• [What needs to be done]: Every entry that follows must be written out exactly, apart from its pictures.

• [Data provided]:
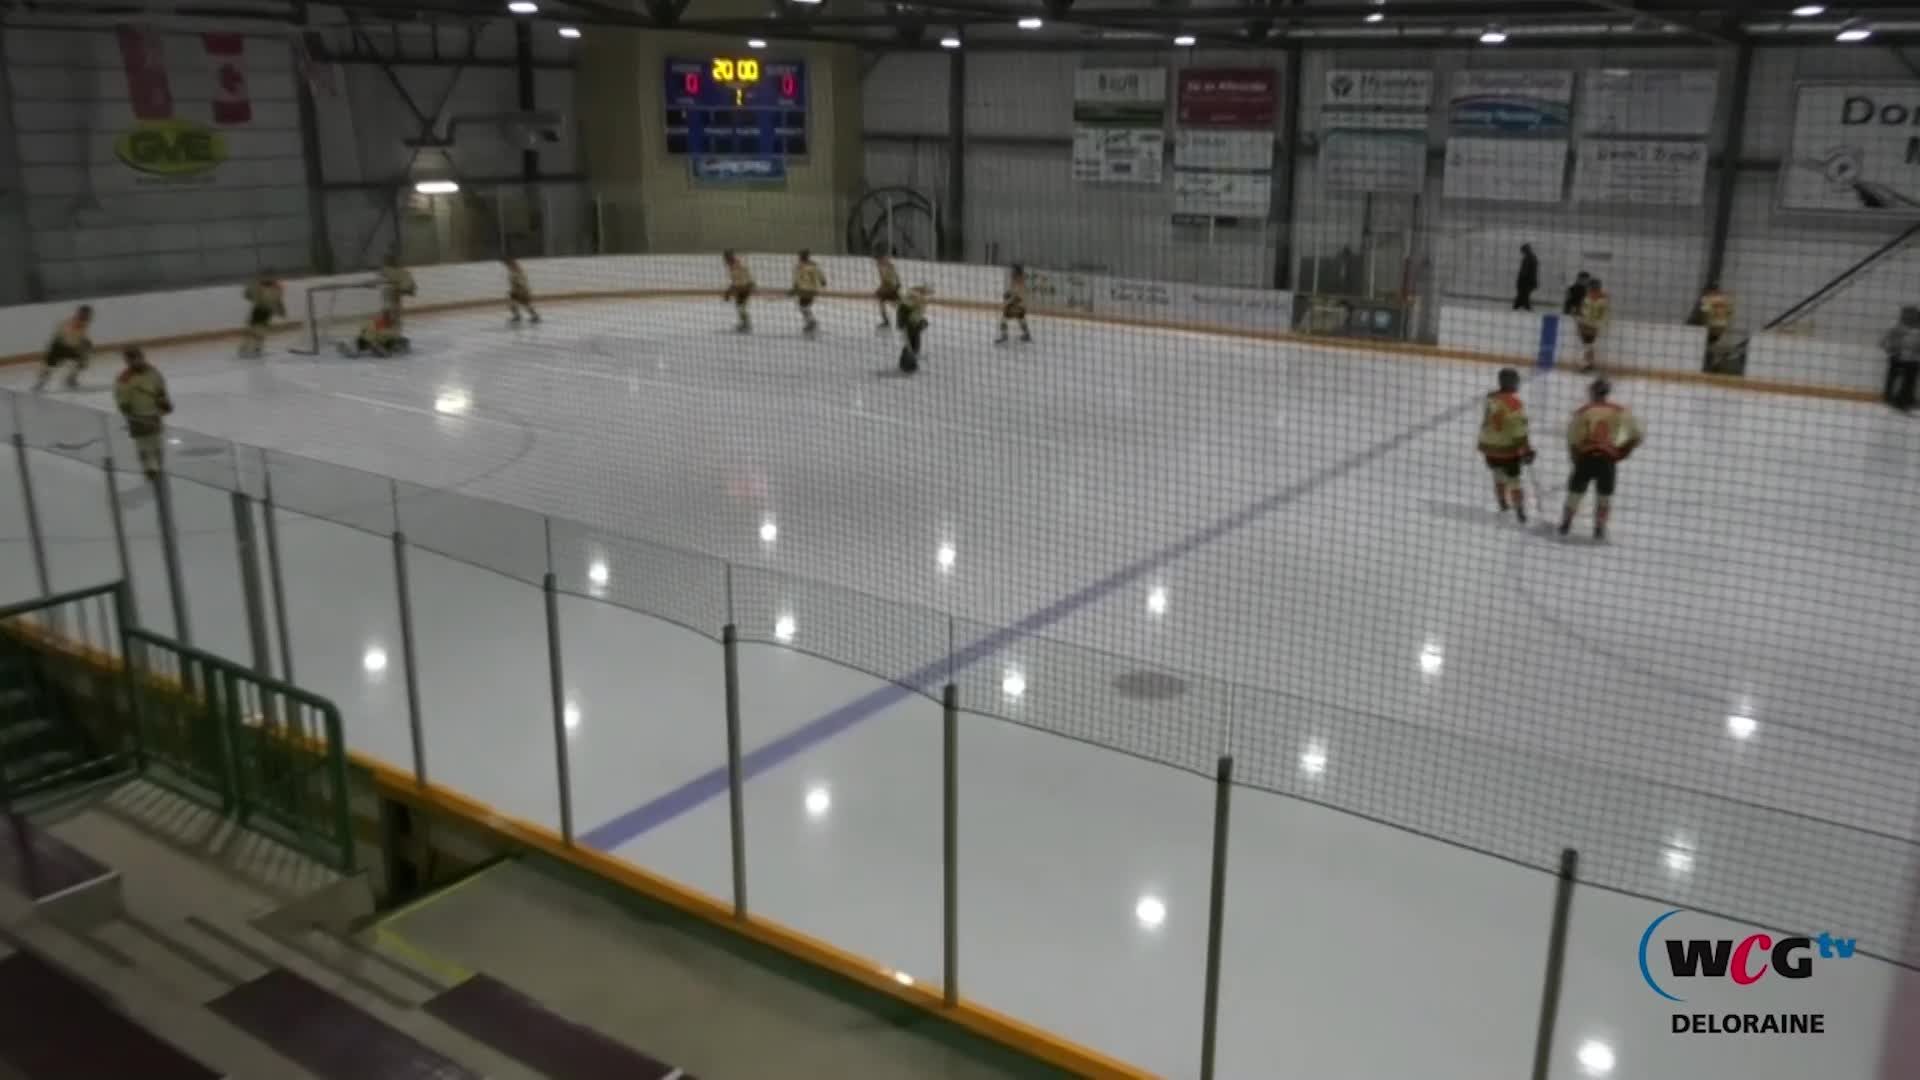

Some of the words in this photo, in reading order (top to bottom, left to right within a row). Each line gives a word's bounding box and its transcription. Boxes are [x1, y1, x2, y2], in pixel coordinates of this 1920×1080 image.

[711, 57, 734, 81] 20
[737, 59, 760, 81] 00
[685, 73, 699, 94] 0
[782, 73, 796, 94] 0

• [Finished exercise]:
Some of the words in this photo, in reading order (top to bottom, left to right within a row). Each line gives a word's bounding box and its transcription. Boxes are [x1, y1, x2, y2], in pixel coordinates of this 1920×1080 image.

[711, 57, 734, 81] 20
[737, 59, 760, 81] 00
[685, 73, 699, 94] 0
[782, 73, 796, 94] 0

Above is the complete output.